[Data for analysis Boundary: Start]

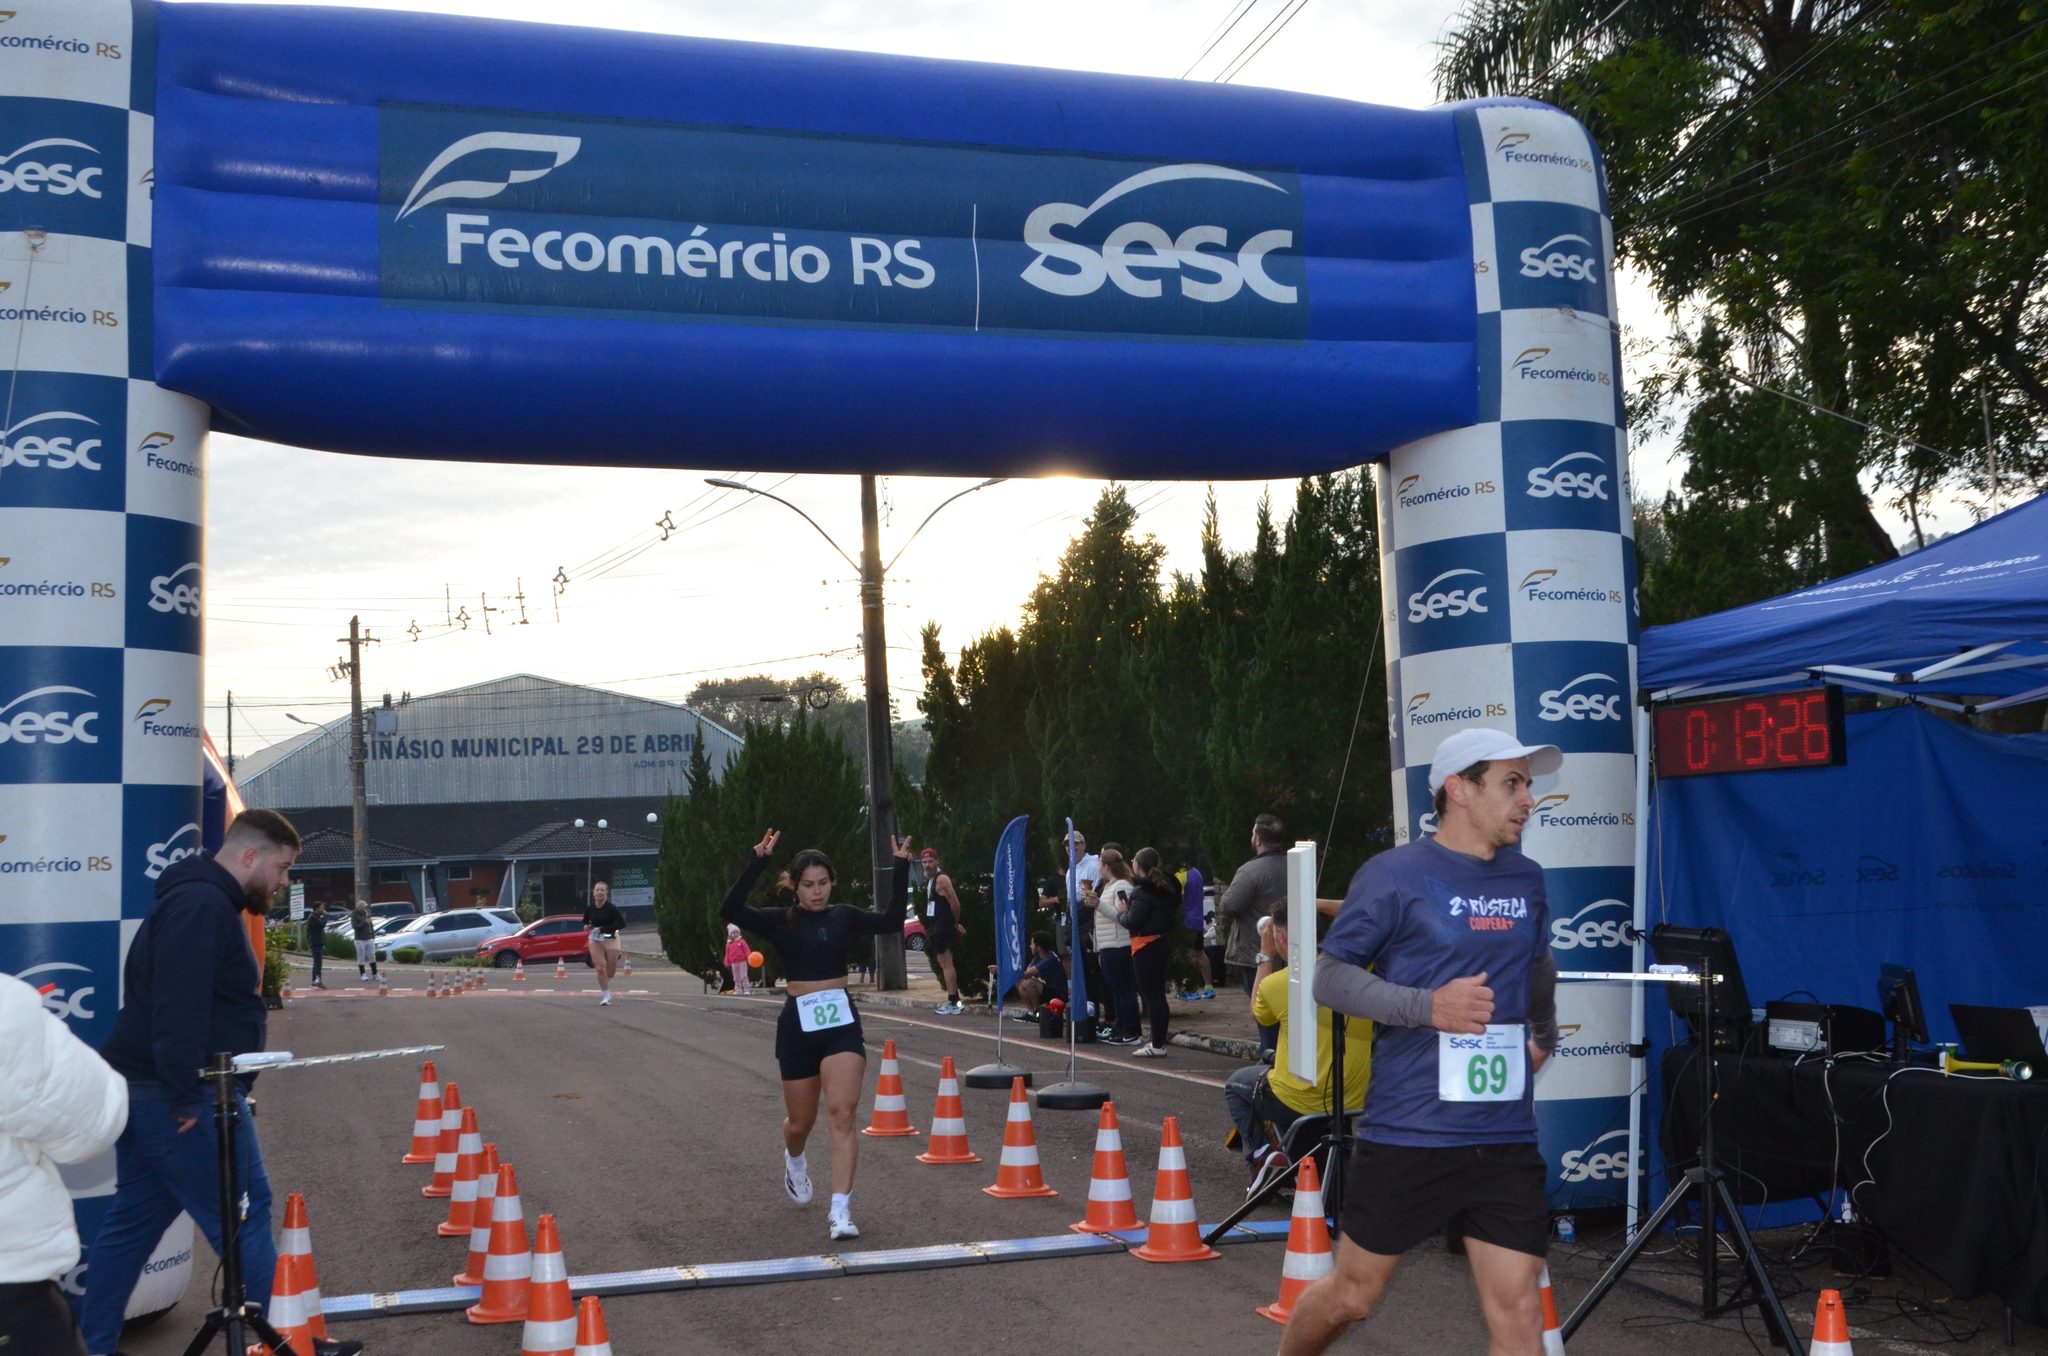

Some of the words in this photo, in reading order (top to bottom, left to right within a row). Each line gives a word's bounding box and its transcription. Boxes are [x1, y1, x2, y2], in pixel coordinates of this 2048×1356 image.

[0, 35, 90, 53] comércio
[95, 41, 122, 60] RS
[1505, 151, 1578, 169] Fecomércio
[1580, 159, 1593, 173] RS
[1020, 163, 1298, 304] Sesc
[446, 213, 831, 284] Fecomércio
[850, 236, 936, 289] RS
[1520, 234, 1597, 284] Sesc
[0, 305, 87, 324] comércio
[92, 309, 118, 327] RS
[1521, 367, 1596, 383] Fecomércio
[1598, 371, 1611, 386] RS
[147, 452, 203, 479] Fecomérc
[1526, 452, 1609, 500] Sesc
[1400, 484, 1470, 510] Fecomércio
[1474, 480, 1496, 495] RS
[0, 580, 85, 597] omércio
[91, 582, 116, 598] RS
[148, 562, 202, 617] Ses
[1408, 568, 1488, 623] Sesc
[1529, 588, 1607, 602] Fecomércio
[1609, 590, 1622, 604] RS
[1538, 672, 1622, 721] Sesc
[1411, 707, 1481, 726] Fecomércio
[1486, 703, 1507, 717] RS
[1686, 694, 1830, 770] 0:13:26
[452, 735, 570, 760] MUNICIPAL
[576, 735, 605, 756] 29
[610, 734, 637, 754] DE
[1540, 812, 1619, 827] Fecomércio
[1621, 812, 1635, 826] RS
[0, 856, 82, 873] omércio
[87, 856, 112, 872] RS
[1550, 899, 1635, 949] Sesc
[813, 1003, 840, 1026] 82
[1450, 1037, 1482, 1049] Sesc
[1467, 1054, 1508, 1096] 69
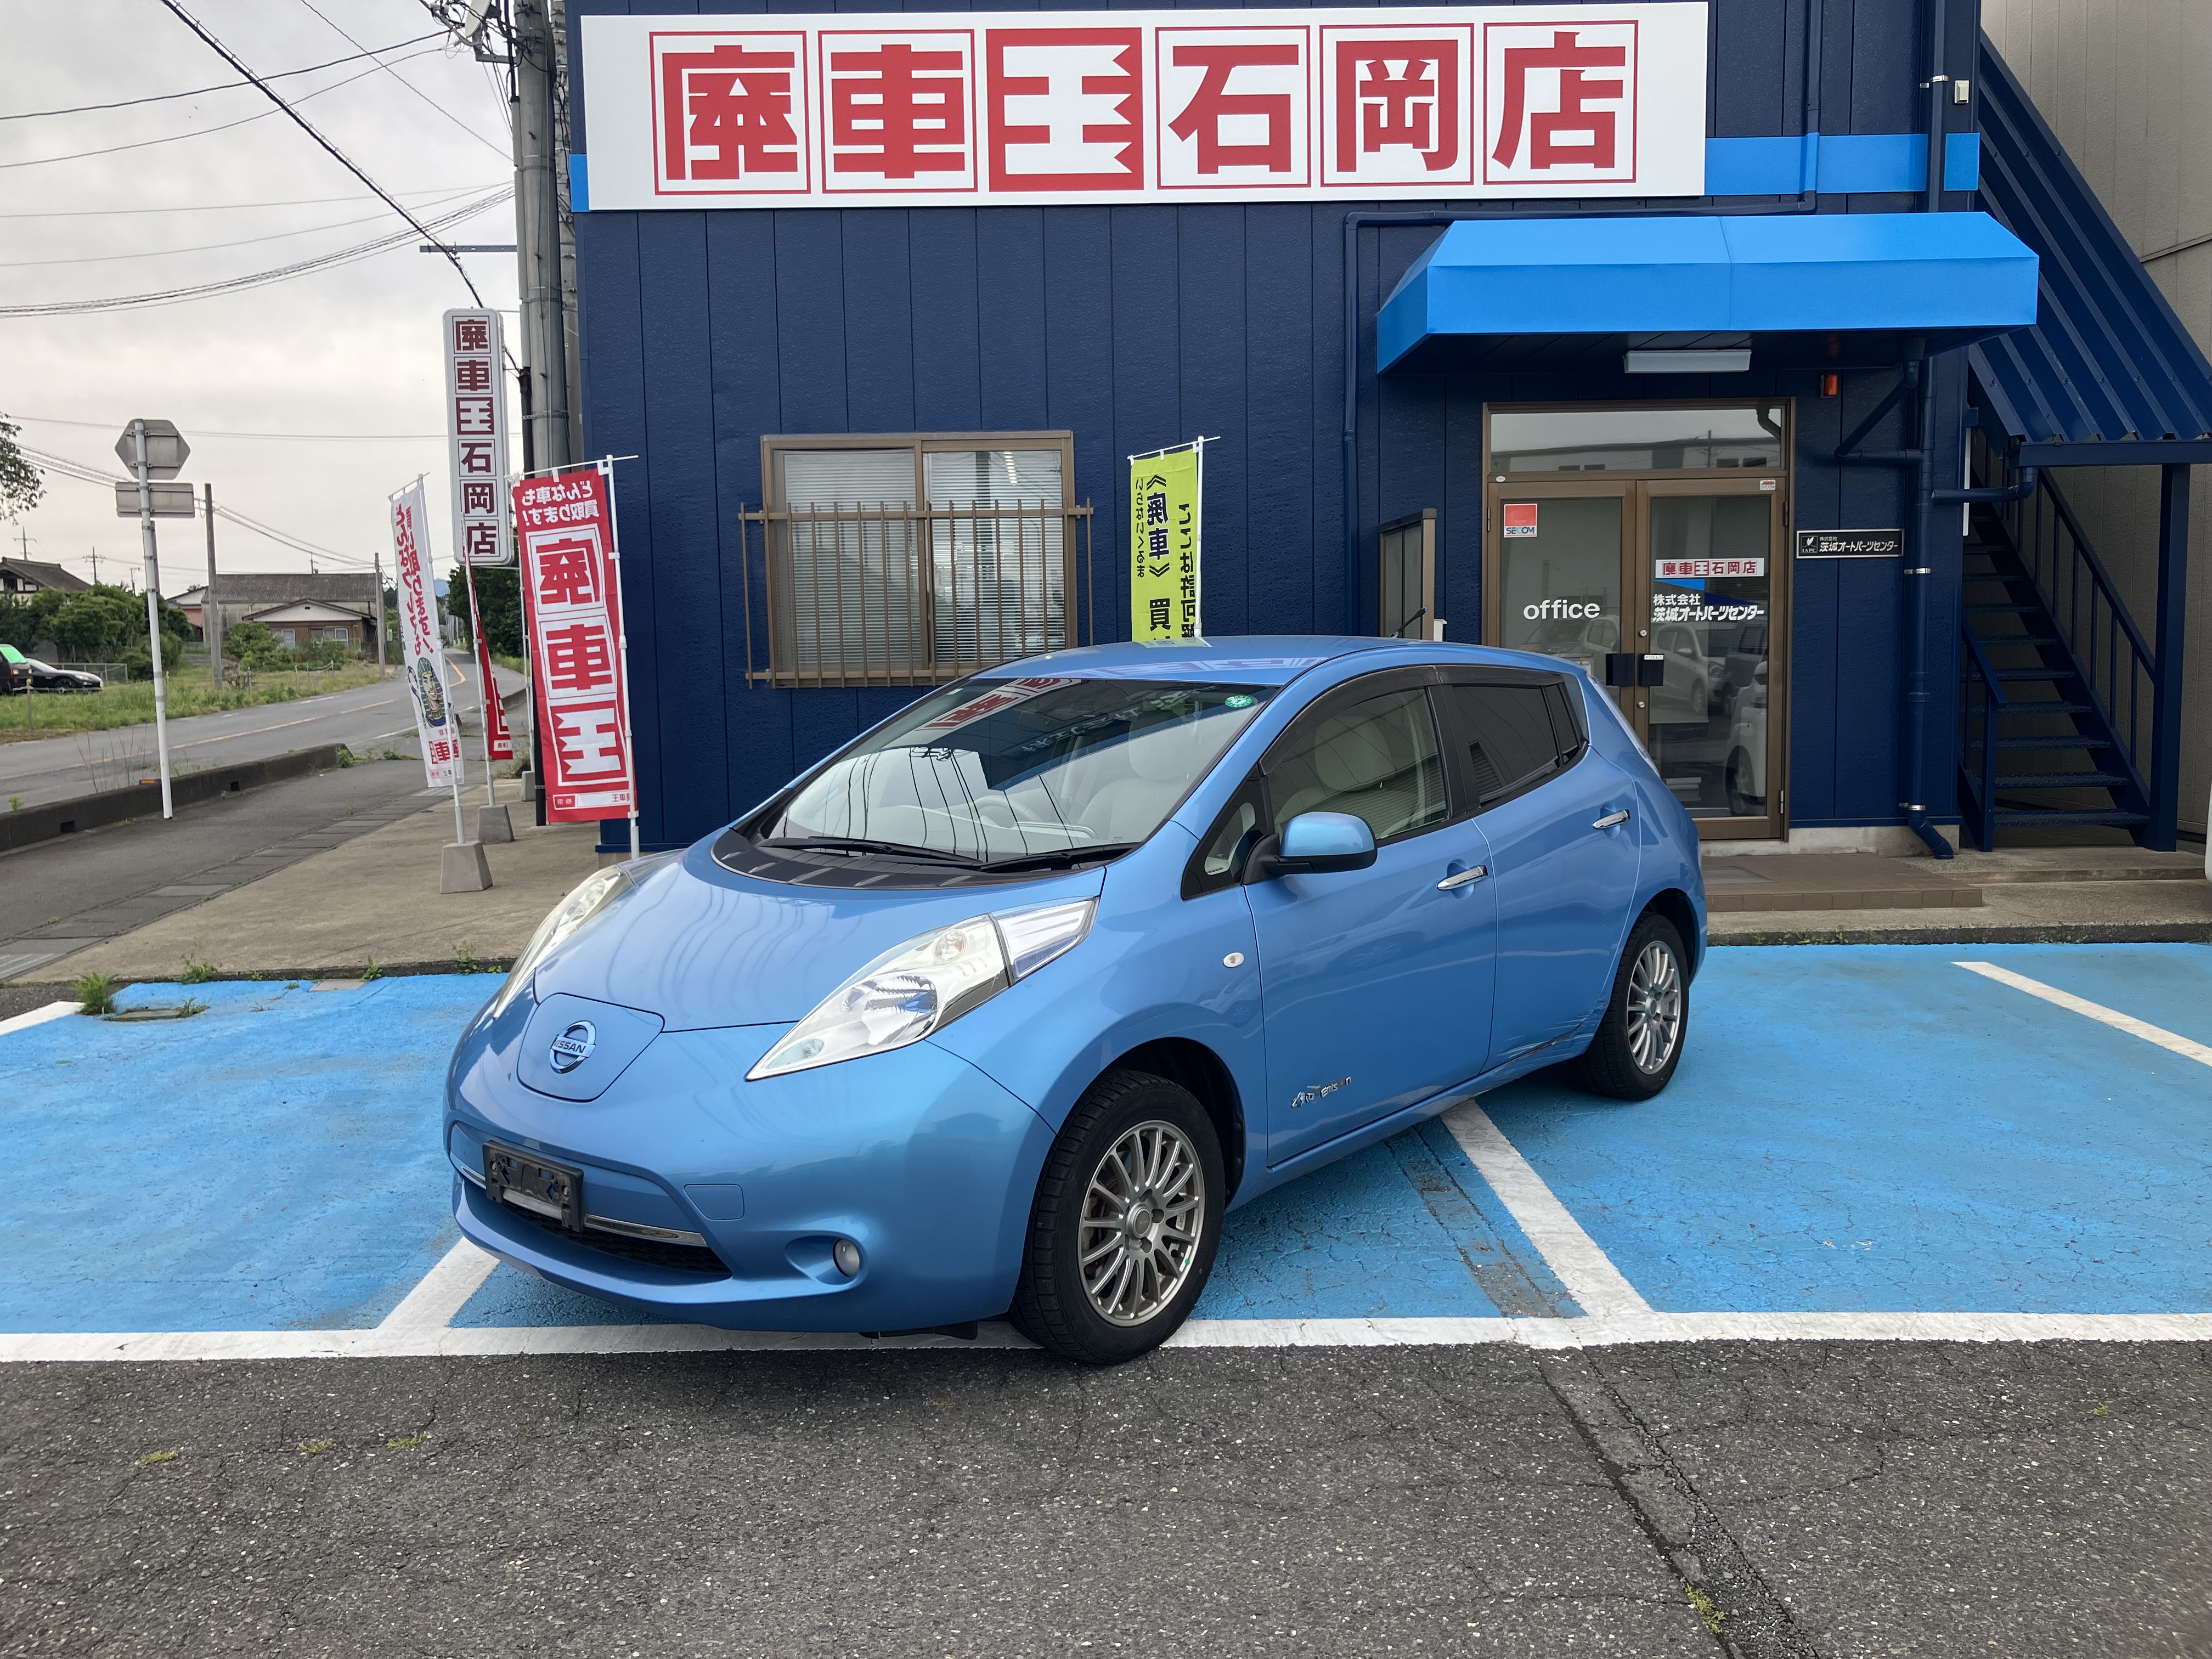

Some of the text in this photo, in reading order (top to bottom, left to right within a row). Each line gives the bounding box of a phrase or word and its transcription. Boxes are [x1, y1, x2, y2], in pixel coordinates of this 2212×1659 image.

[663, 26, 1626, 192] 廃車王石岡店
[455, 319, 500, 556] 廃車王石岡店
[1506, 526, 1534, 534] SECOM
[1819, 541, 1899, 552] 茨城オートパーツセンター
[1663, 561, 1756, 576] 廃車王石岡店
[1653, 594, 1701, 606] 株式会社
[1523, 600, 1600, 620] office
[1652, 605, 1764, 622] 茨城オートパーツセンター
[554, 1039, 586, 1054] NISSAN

[Data for analysis Boundary: End]

*Task statement*:
Type the entries above out again exactly, with no pictures.

*Worked solution*:
Some of the words in this photo, in reading order (top to bottom, left to right within a row). Each line gives a word's bounding box and its transcription. Boxes are [x1, y1, x2, y2], in pixel coordinates of this 2048×1356 image.

[0, 35, 90, 53] comércio
[95, 41, 122, 60] RS
[1505, 151, 1578, 169] Fecomércio
[1580, 159, 1593, 173] RS
[1020, 163, 1298, 304] Sesc
[446, 213, 831, 284] Fecomércio
[850, 236, 936, 289] RS
[1520, 234, 1597, 284] Sesc
[0, 305, 87, 324] comércio
[92, 309, 118, 327] RS
[1521, 367, 1596, 383] Fecomércio
[1598, 371, 1611, 386] RS
[147, 452, 203, 479] Fecomérc
[1526, 452, 1609, 500] Sesc
[1400, 484, 1470, 510] Fecomércio
[1474, 480, 1496, 495] RS
[0, 580, 85, 597] omércio
[91, 582, 116, 598] RS
[148, 562, 202, 617] Ses
[1408, 568, 1488, 623] Sesc
[1529, 588, 1607, 602] Fecomércio
[1609, 590, 1622, 604] RS
[1538, 672, 1622, 721] Sesc
[1411, 707, 1481, 726] Fecomércio
[1486, 703, 1507, 717] RS
[1686, 694, 1830, 770] 0:13:26
[452, 735, 570, 760] MUNICIPAL
[576, 735, 605, 756] 29
[610, 734, 637, 754] DE
[1540, 812, 1619, 827] Fecomércio
[1621, 812, 1635, 826] RS
[0, 856, 82, 873] omércio
[87, 856, 112, 872] RS
[1550, 899, 1635, 949] Sesc
[813, 1003, 840, 1026] 82
[1450, 1037, 1482, 1049] Sesc
[1467, 1054, 1508, 1096] 69

Some of the text in this photo, in reading order (top to bottom, left to right within a row). Each line gives the bounding box of a phrase or word and its transcription. Boxes are [x1, y1, x2, y2], in pixel coordinates of this 2212×1659 image.

[663, 26, 1626, 192] 廃車王石岡店
[455, 319, 500, 556] 廃車王石岡店
[1506, 526, 1534, 534] SECOM
[1819, 541, 1899, 552] 茨城オートパーツセンター
[1663, 561, 1756, 576] 廃車王石岡店
[1653, 594, 1701, 606] 株式会社
[1523, 600, 1600, 620] office
[1652, 605, 1764, 622] 茨城オートパーツセンター
[554, 1039, 586, 1054] NISSAN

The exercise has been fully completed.